The problem with big data and business intelligence software is that it is reactionary and static. It is great for analysing things after the event -- but how do enterprises manage when they need real-time insight?
A recent survey from data analysis provider GlobalData showed that IoT professionals still have a heavy reliance on traditional business intelligence (BI) software. Around 40 percent of its 1,000 respondents ranked BI platforms well above all other means of analysing data.
Unfortunately, do-it-all BI software platforms have been usurped by smaller, more discrete ways of deriving value from enterprise data. It could be a direct SQL query, a predictive data modeller, an auto-generated data discovery visualisation, or an interactive dashboard that delivers insights in real-time.
The reasons for this are that users rely on basic reporting mechanisms that use complex queries and reports. BI software tends to be reactionary and static. This brings costs into the enterprise to build and maintain systems.

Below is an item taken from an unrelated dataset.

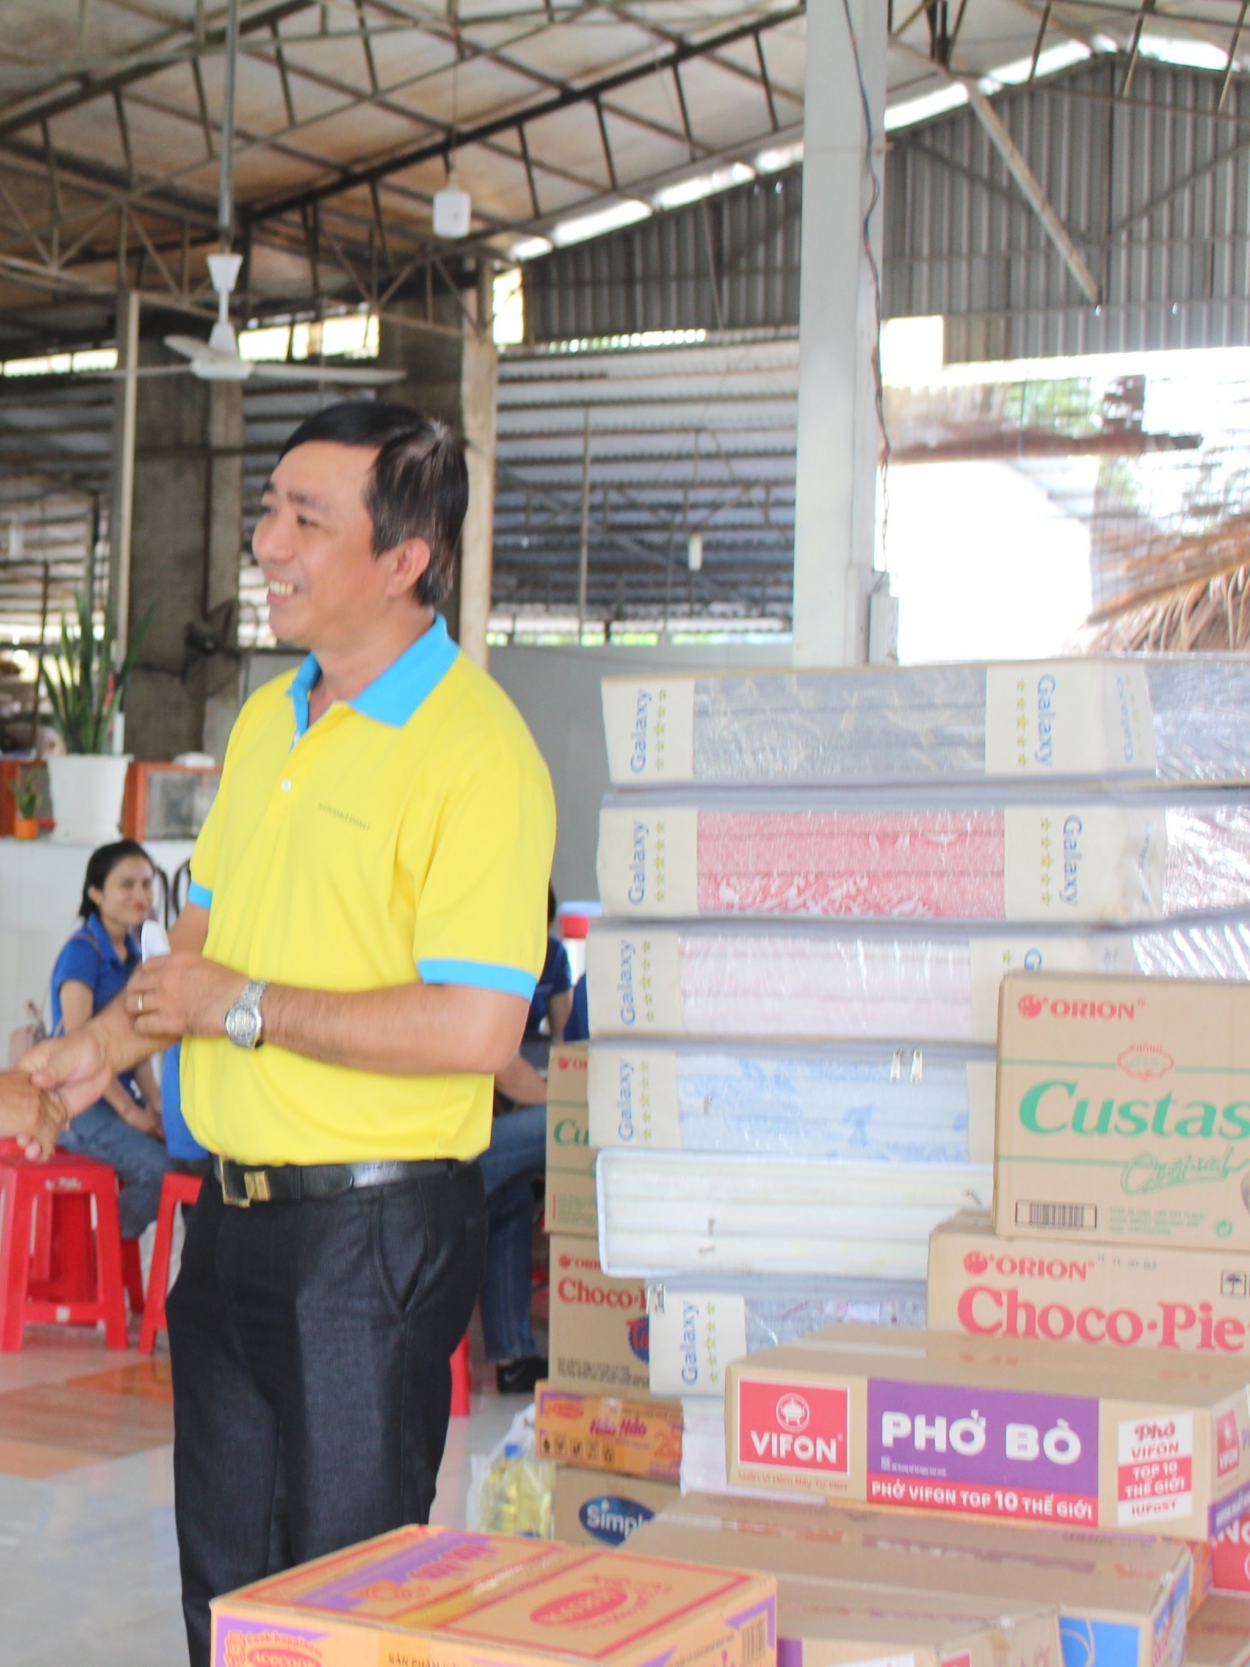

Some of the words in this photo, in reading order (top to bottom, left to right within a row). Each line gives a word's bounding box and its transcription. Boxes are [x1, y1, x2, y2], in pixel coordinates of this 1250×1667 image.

For the Internet of Things (IoT), enterprises need to focus their efforts on the basics of business optimization rather than innovate from insights. But businesses are reluctant.
This reluctance to follow the broader market away from BI platforms within IoT is concerning. The survey noted a subtle shift over time with IoT deployment fails.
In 2016, no failures were noted post-deployment. In 2017, however, that number had increased to 12 percent.
The top reason IoT deployments fail or are abandoned prior to deployment are deployment and maintenance costs.
AI could be the answer to the IoT problem. It could prove the value of IoT as a means of optimizing existing business processes.
Even with a simple AI Machine Learning (ML) framework and model, IoT practitioners would be able to detect anomalies and predict desired outcomes. This would enable them to solve two problems at once.
The survey shows that enterprise buyers are eager to improve operational efficiencies. Forty three percent of survey respondents indicated that the best role for AI is to centrally automate and optimise business processes.
Although centralization is part and parcel to traditional BI analysis, reporting, and predictive modeling, where AI tends to be most useful is at the edge of deployments. IoT deployments should use tools like ML, close to the device itself.
Any analytics endeavors should be brief and focused on solving specific challenges. IoT buyers want centralized, global visibility of the business but also local optimization through AI.
This approach will not solve all problems, but it is affordable and it will have a direct impact on businesses. It will help to prove the value of IoT by not building an expensive monolithic analytics system centrally.
Brad Shimmin, service director for global IT technology and software at GlobalData, said: "It becomes clear, therefore, that IoT practitioners should emphasize tactical benefits over strategic analytical insights at least at the outset of a project as a means of proving ROI and securing future investment from the business."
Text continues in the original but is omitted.